¿Qué es la explainable AI (XAI)?

La inteligencia artificial explicable (XAI, por sus siglas en inglés) se refiere a enfoques y métodos diseñados para hacer que las decisiones y resultados de la inteligencia artificial (IA) sean comprensibles y transparentes.

Con el aumento de la complejidad de la inteligencia artificial (IA) y los avances en el aprendizaje automático, resulta cada vez más difícil para los usuarios entender los procesos que generan los resultados de estos sistemas. Por ello, es fundamental garantizar el mayor nivel posible de comprensión sobre las decisiones y resultados de las inteligencias artificiales.

Al mismo tiempo, la investigación sigue enfocada en desarrollar inteligencia artificial que pueda aprender de manera autónoma y resolver problemas complejos. Aquí es donde entra en juego la inteligencia artificial explicable (XAI): su objetivo es crear transparencia, para lo cual desentraña los procesos internos de la IA y ofrece claridad sobre el funcionamiento de los algoritmos. Sin esta transparencia, es difícil establecer una base de confianza en los cálculos y decisiones que realiza la IA.

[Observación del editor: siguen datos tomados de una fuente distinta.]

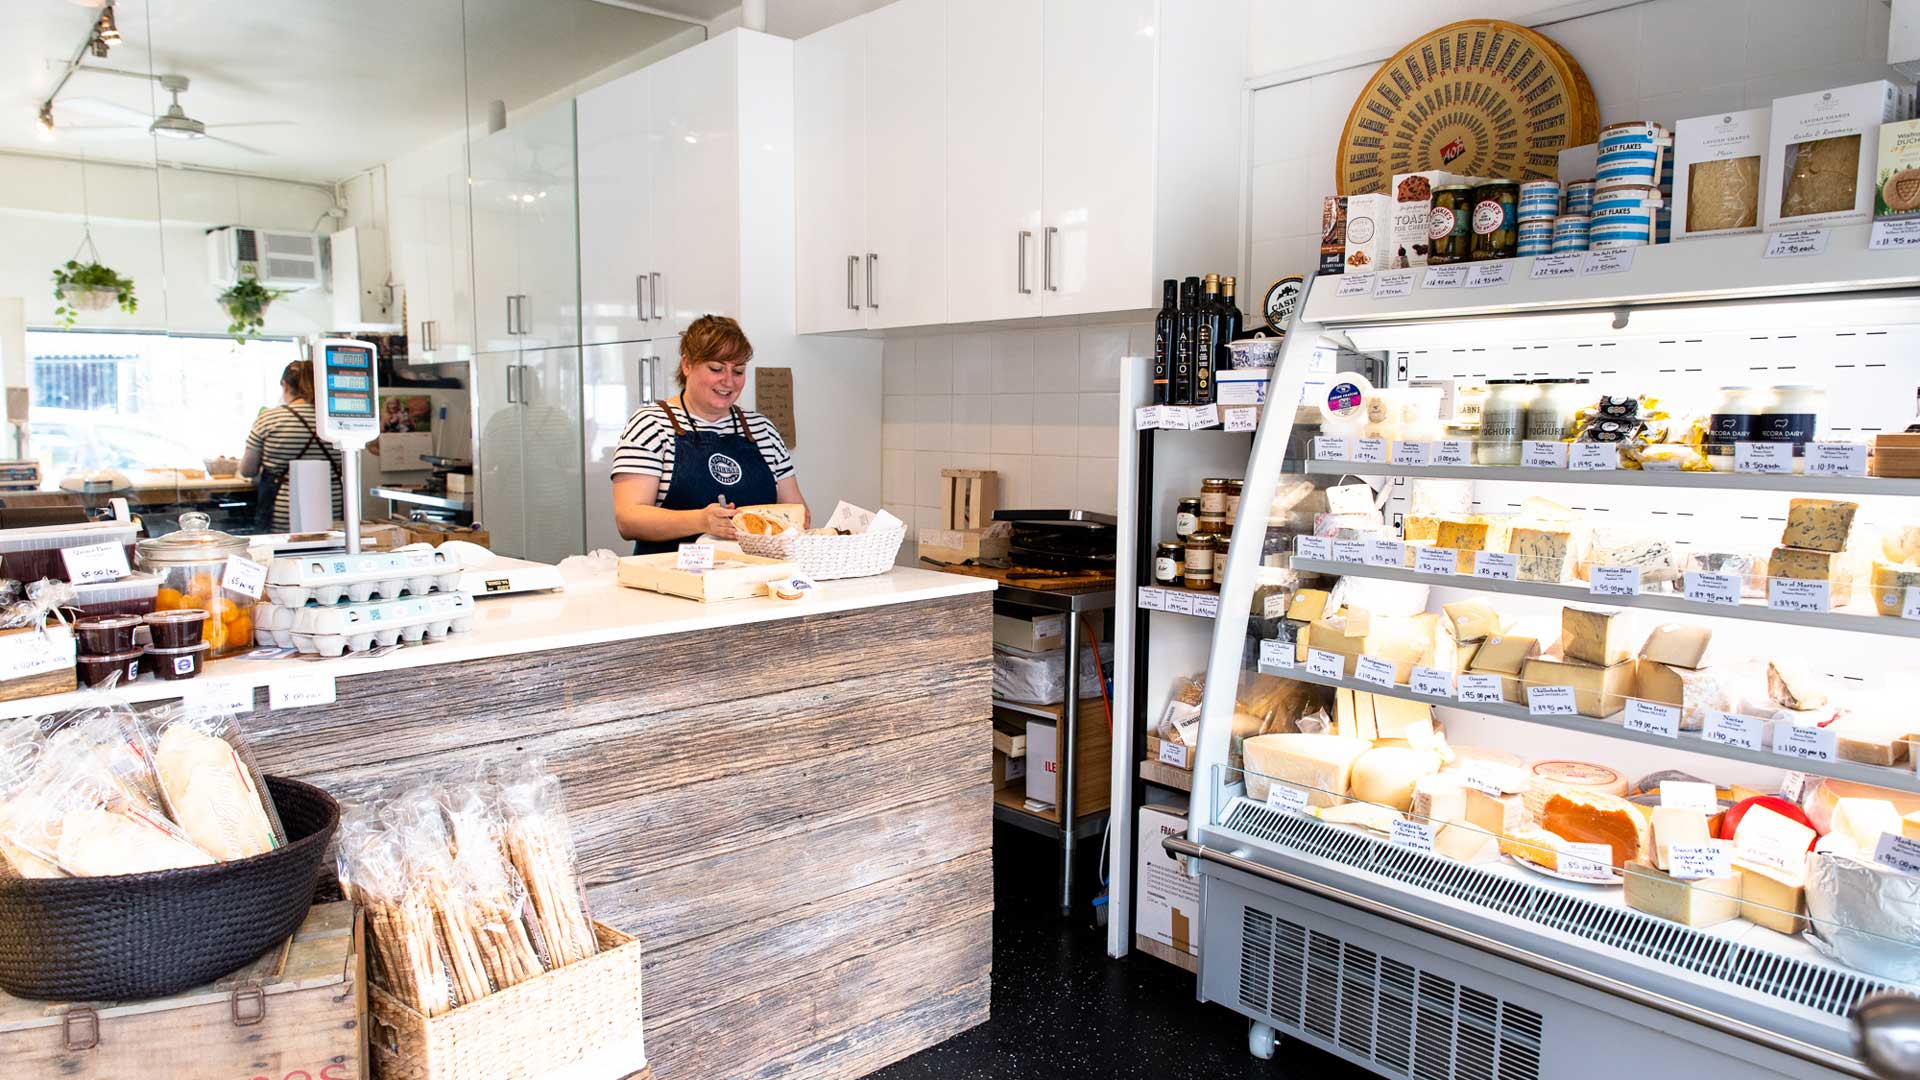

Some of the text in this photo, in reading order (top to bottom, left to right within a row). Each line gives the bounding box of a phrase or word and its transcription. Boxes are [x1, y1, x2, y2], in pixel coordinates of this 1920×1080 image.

La transparencia que proporciona la XAI es crucial para fomentar la aceptación de la inteligencia artificial. Se buscan modelos explicables que no comprometan el alto rendimiento del aprendizaje automático. Esto permite a los usuarios comprender mejor cómo opera la IA y evaluar los resultados con mayor precisión.

Además, la XAI facilita que futuras generaciones de usuarios comprendan, confíen y trabajen eficientemente con los sistemas inteligentes. Sin esta capacidad de interpretación, la adopción confiable y generalizada de la IA sigue siendo un reto significativo.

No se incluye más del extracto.